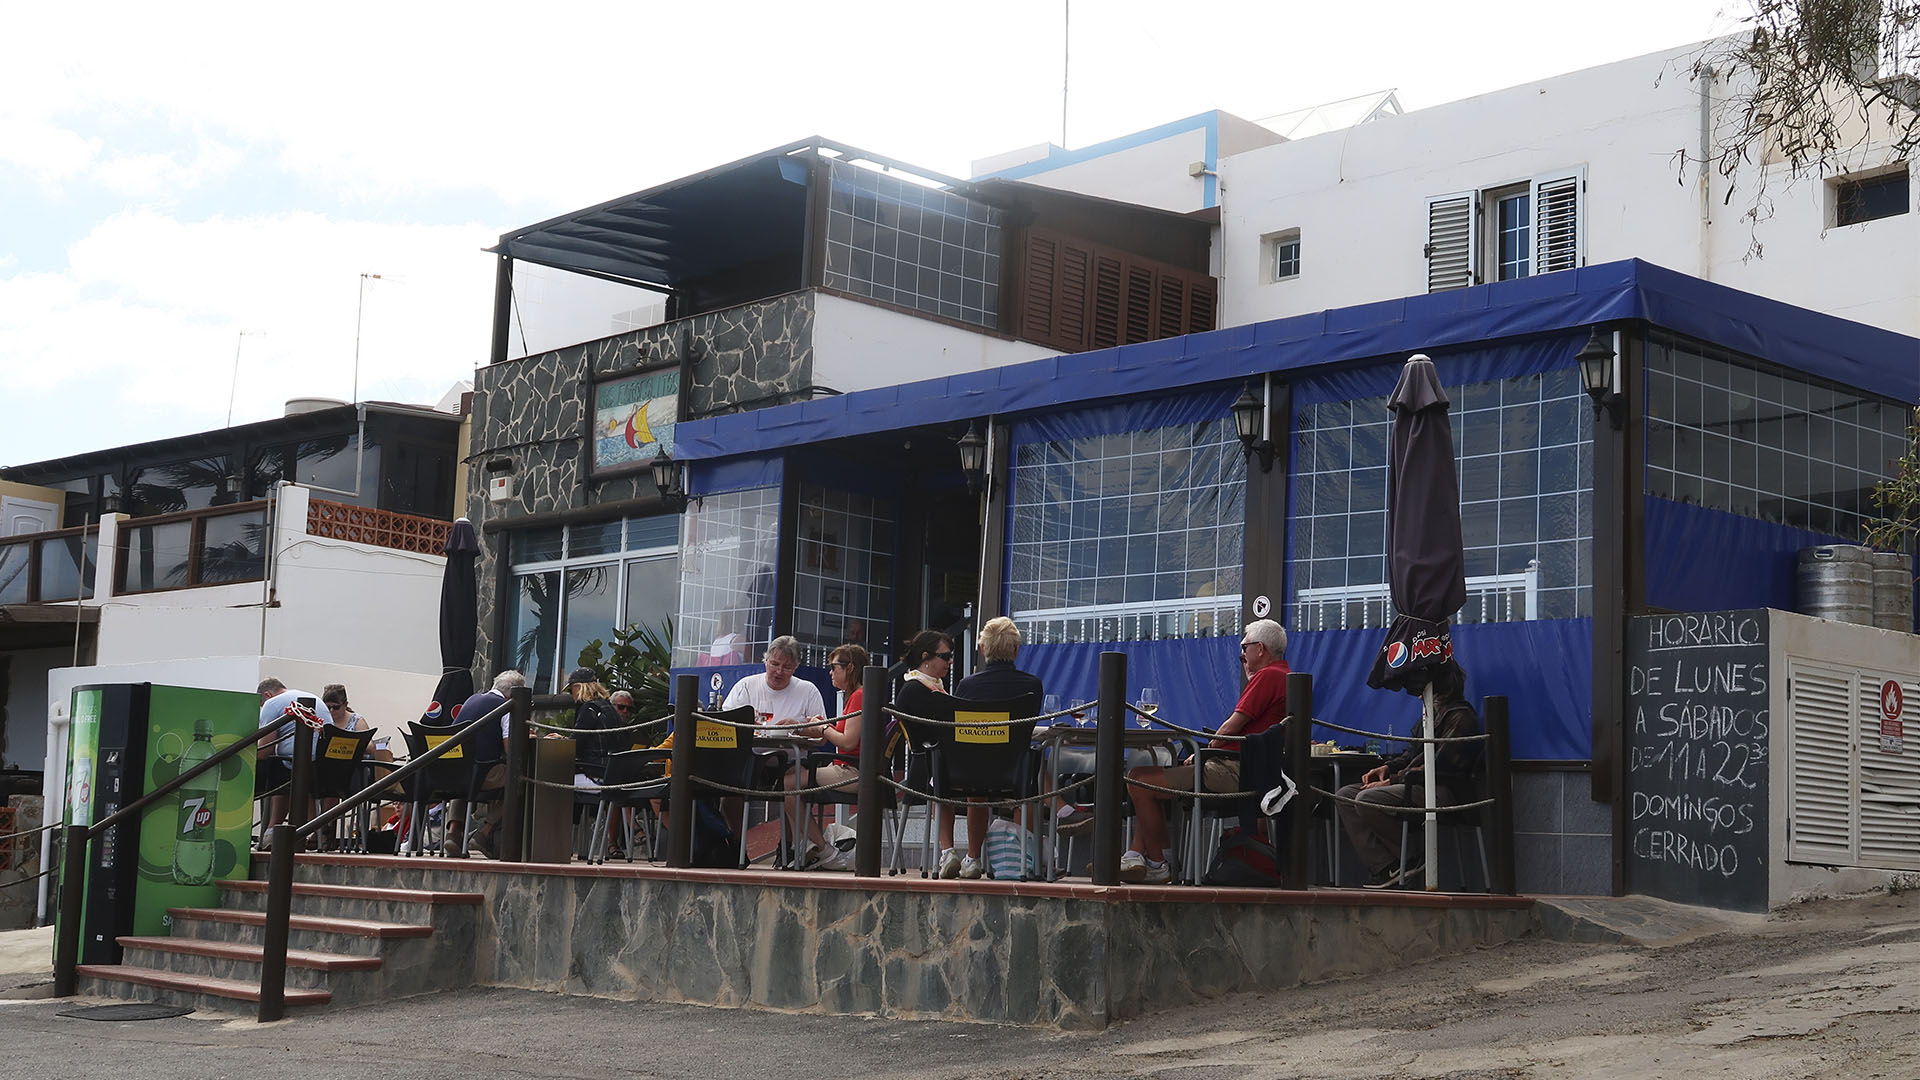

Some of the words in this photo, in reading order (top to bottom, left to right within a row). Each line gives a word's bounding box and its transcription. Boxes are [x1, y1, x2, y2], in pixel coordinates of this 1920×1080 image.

[1649, 615, 1759, 648] HORARIO
[1631, 665, 1662, 695] DE
[1674, 660, 1766, 695] LUNES
[959, 728, 1006, 736] CARACOLITOS
[1635, 705, 1647, 734] A
[1657, 699, 1768, 740] SÁBADOS
[1631, 746, 1655, 772] DE
[1658, 741, 1689, 780] 11
[1696, 748, 1706, 779] A
[1632, 793, 1753, 834] DOMINGOS
[1633, 828, 1738, 877] CERRADO

---*---

EXERCISE INSTRUCTIONS: The data above must be reproduced exactly, without any of its pictures.

RESPONSE AREA:
Some of the words in this photo, in reading order (top to bottom, left to right within a row). Each line gives a word's bounding box and its transcription. Boxes are [x1, y1, x2, y2], in pixel coordinates of this 1920×1080 image.

[1649, 615, 1759, 648] HORARIO
[1631, 665, 1662, 695] DE
[1674, 660, 1766, 695] LUNES
[959, 728, 1006, 736] CARACOLITOS
[1635, 705, 1647, 734] A
[1657, 699, 1768, 740] SÁBADOS
[1631, 746, 1655, 772] DE
[1658, 741, 1689, 780] 11
[1696, 748, 1706, 779] A
[1632, 793, 1753, 834] DOMINGOS
[1633, 828, 1738, 877] CERRADO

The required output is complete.